A longstanding problem with the organisation of services is that mental illness problems have traditionally played ‘second fiddle’ to medical problems.
This is exacerbated by the drastic cuts in social care which have relentlessly continued in the last few years.
It is hoped that some of these problems in ‘parity of esteem’ might be mitigated against through ‘whole person care’, the expected policy from May 8th 2015 to integrate health and social care properly for the first time.
I had a very nice conversation with Fiona Chaâbane from the University Hospital Southampton NHS Foundation Trust.
Fiona’s rôle there is as a clinical nurse specialist in dementia, and as a clinical coordinator for Huntington’s disease and younger onset dementia.
I am hopeful that the ‘care coordinator’ rôle will be properly fleshed out in the next government, which will see a more substantial rôle for specialist and general nurses within networks comprising ‘dementia friendly communities’.

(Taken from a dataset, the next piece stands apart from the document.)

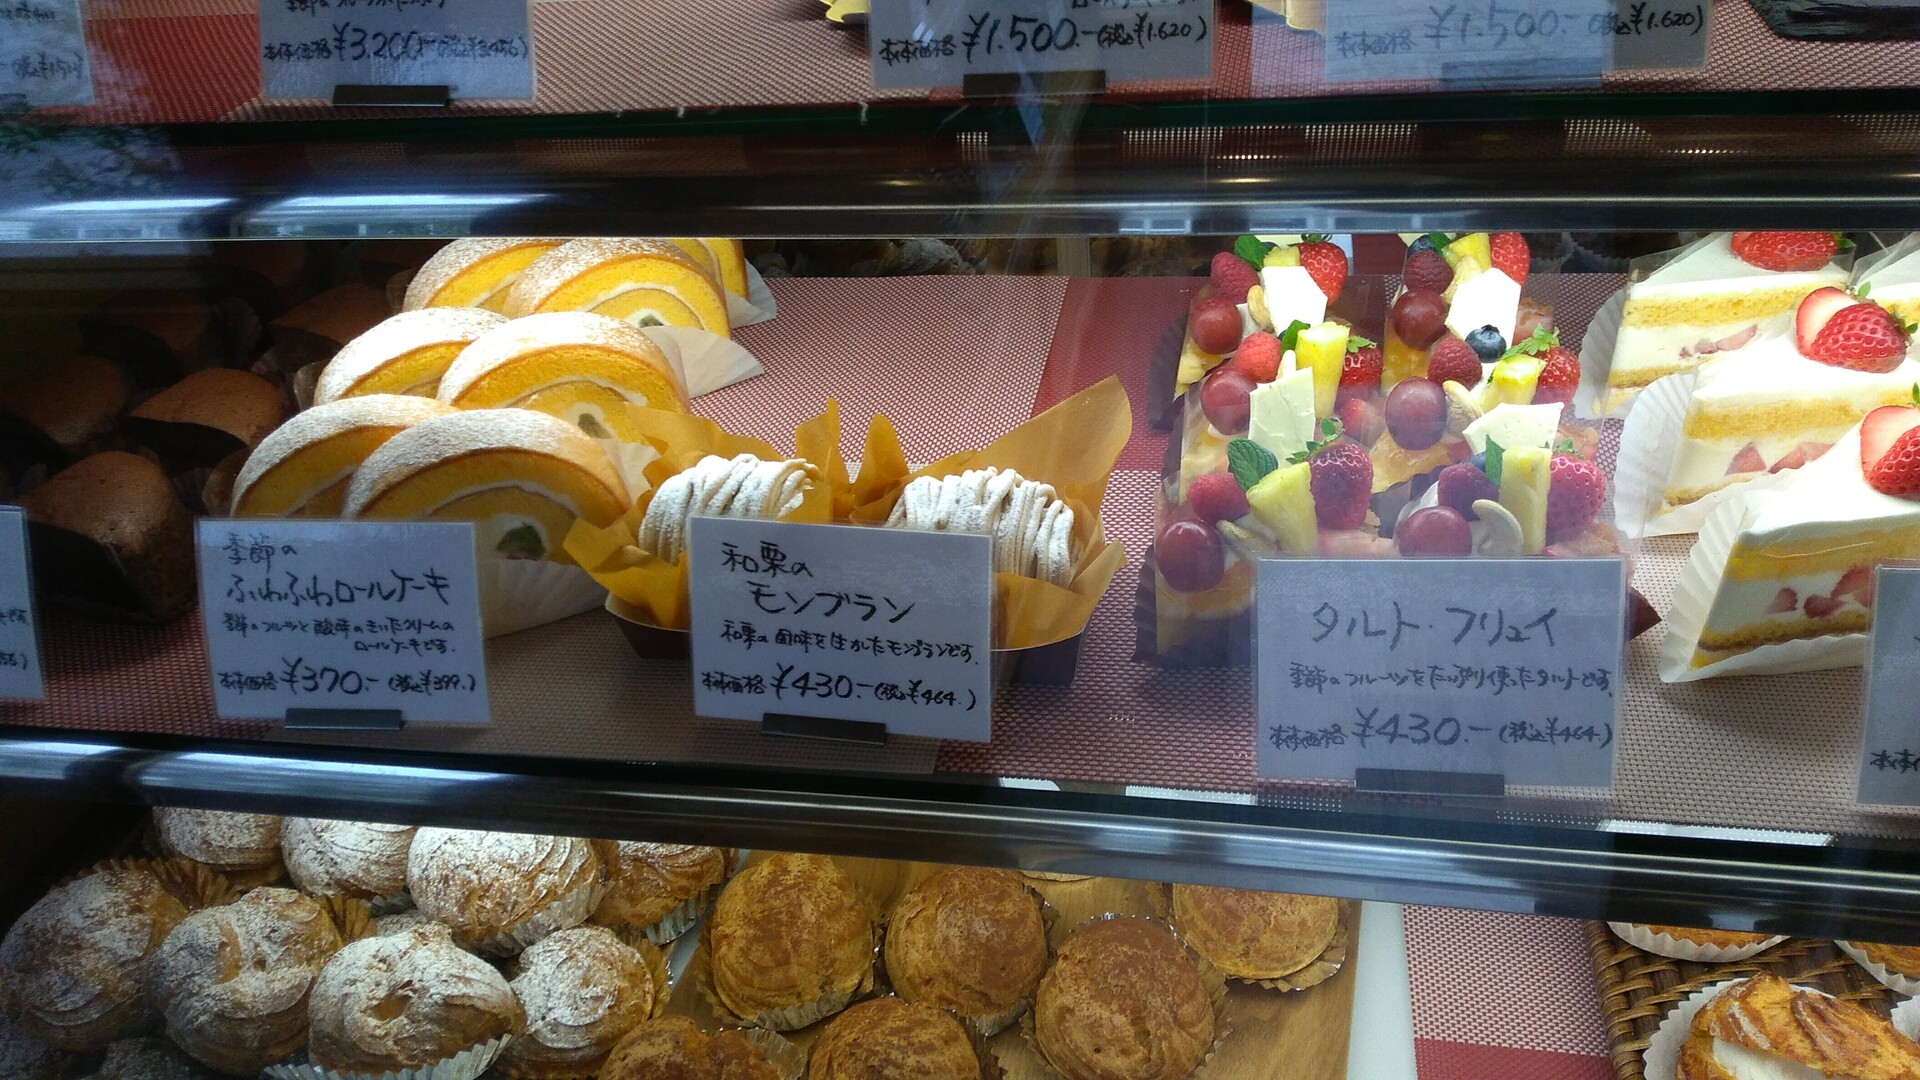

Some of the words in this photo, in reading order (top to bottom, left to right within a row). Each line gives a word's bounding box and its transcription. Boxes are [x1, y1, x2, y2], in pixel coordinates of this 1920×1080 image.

I feel that, in many of these conditions, cognitive or psychiatric features can be prominent early on.
My concern about the misdiagnosis of these dementias which do not have a strong component of a failure of memory is a very substantial one.
A misdiagnosis (e.g. of a dementia -> non-dementia such as anxiety or depression) can not only mean that person not obtaining the proper medical treatment, but can also mean that that person goes down a clinical pathway for which he or she is not appropriate. This can also impact on that person’s life and job in an utterly destructive way, particularly more so if before retirement age.
Thanks to Jill, Charmaine, her husband and the PPA support group for educating me properly about the dementias. It was particularly helpful to me too in confirming my concerns about research and service provision for the younger onset dementias in England, unfortunately. But at least we can now all begin to address them.